La pensione di reversibilità viene erogata dall’INPS anche in caso di separazione ma solo al sussistere di alcune condizioni.
Quando un pensionato muore i familiari possono ricevere la pensione di reversibilità rispettando diversi requisiti, anche reddituali. Il coniuge e i figli sono i primi ad averne diritto ma il dubbio è se la misura spetti anche in caso di separazione o divorzio.
Il decesso di un familiare è un trauma che causa un forte dolore che solo il tempo riuscirà a lenire. Oltre al vuoto per aver perso una persona cara ci sono delle incombenze che gettando nel caos la vita dei superstiti. In più qualora il pensionato risultasse essere l’unica fonte di reddito della famiglia bisognerebbe pensare a come sopravvivere economicamente alla sua morte.
Interviene l’INPS con la pensione di reversibilità erogata ai superstiti. L’importo varia in base all’assegno percepito in vita dal de cuius e dal grado di parentela nonché dal numero di superstiti. La moglie con due o più figli, ad esempio, avrà una quota del 100% mentre il coniuge senza figli del 60%. La reversibilità spetta anche all’ex coniuge separato o divorziato?
Secondo la normativa italiana l’ex coniuge ha diritto alla pensione di reversibilità al pari del coniuge non separato. La quota spettante sarà, dunque, del 60% della pensione percepita dal de cuius al momento della morte. Saranno applicate decurtazioni in base al reddito personale dell’ex moglie o dell’ex marito.
Il taglio scatterà con redditi oltre i 23.579,22 euro e sarà pari al 25% rimanendo entro i 31.438,96 euro, del 40% per redditi fino a 39.298,70 euro e del 50% sopra i 39.298,70 euro. Dove fossero presenti sia il coniuge superstite che il coniuge divorziato secondo la Cassazione una quota della reversibilità dovrebbe essere erogata al coniuge divorziato qualora quest’ultimo non possieda un assegno alimentare autonomo (ordinanza numero 5839).

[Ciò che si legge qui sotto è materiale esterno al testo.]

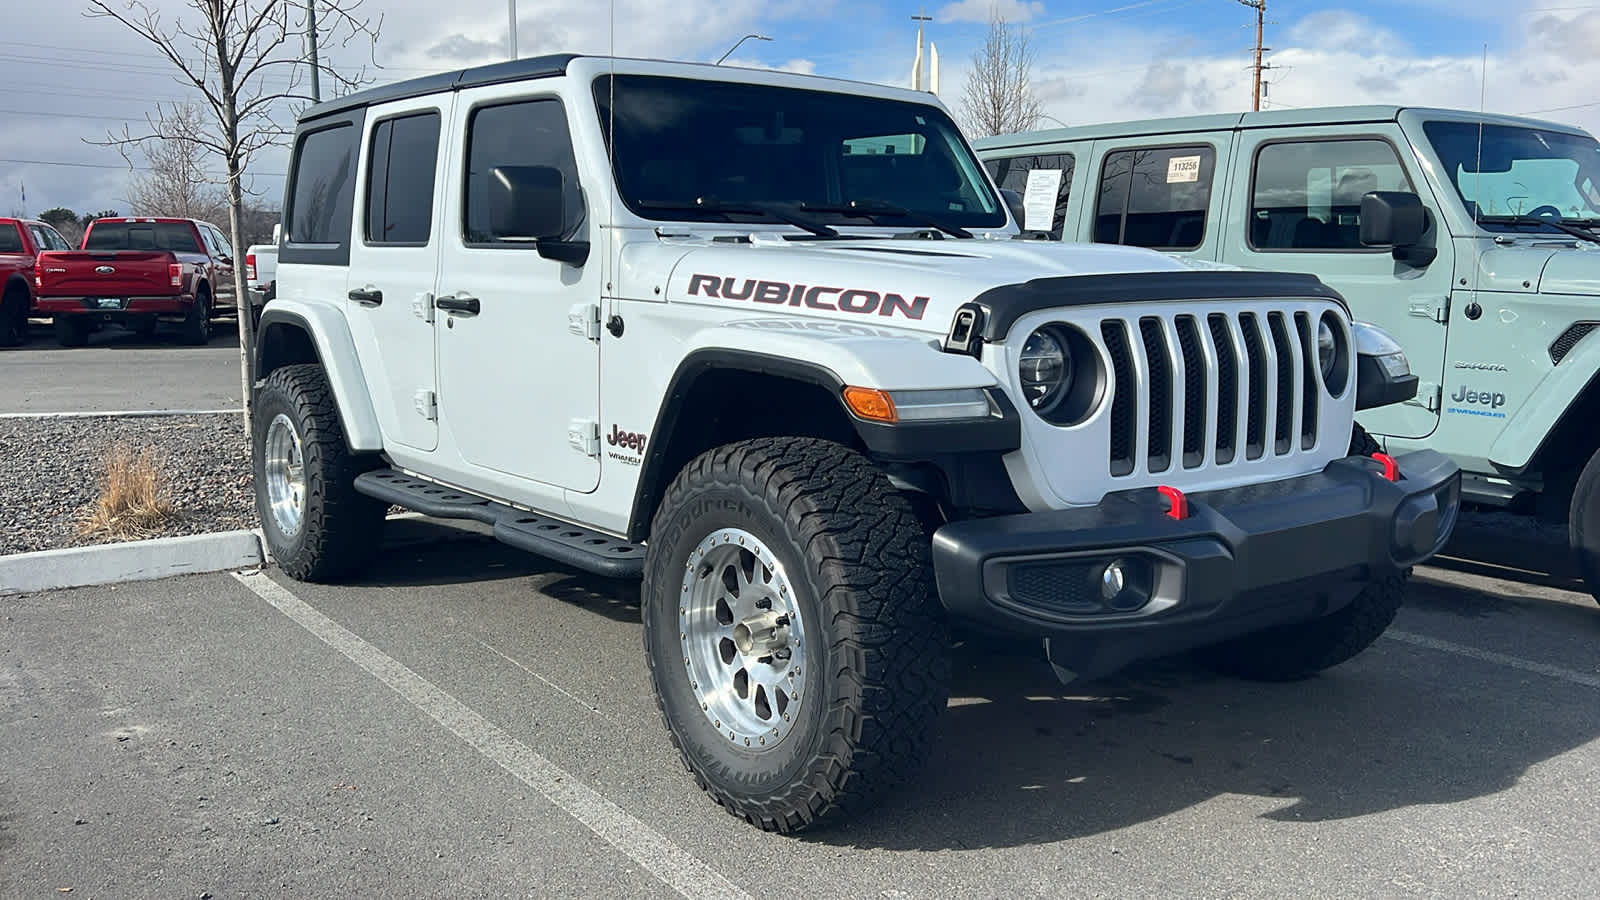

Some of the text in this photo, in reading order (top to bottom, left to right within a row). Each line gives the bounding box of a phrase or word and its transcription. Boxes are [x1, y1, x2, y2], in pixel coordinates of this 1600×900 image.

Secondo la Legge, dunque, il trattamento pensionistico si rivolge al coniuge o unito civilmente a meno che non si sposi nuovamente, al coniuge separato e al coniuge divorziato a condizione che questo sia titolare dell’assegno divorzile, non sia convolato nuovamente a nozze e che la data di inizio del rapporto assicurativo del defunto risulti anteriore alla data della sentenza attestante lo scioglimento o la cessazione degli effetti civili del matrimonio. Secondo l’articolo 22 della Legge 903/1965, infatti, per la reversibilità non serve la convivenza tra i coniugi ma solo l’esistenza del rapporto coniugale con il defunto pur se finito e indipendentemente dalla tipologia di separazione.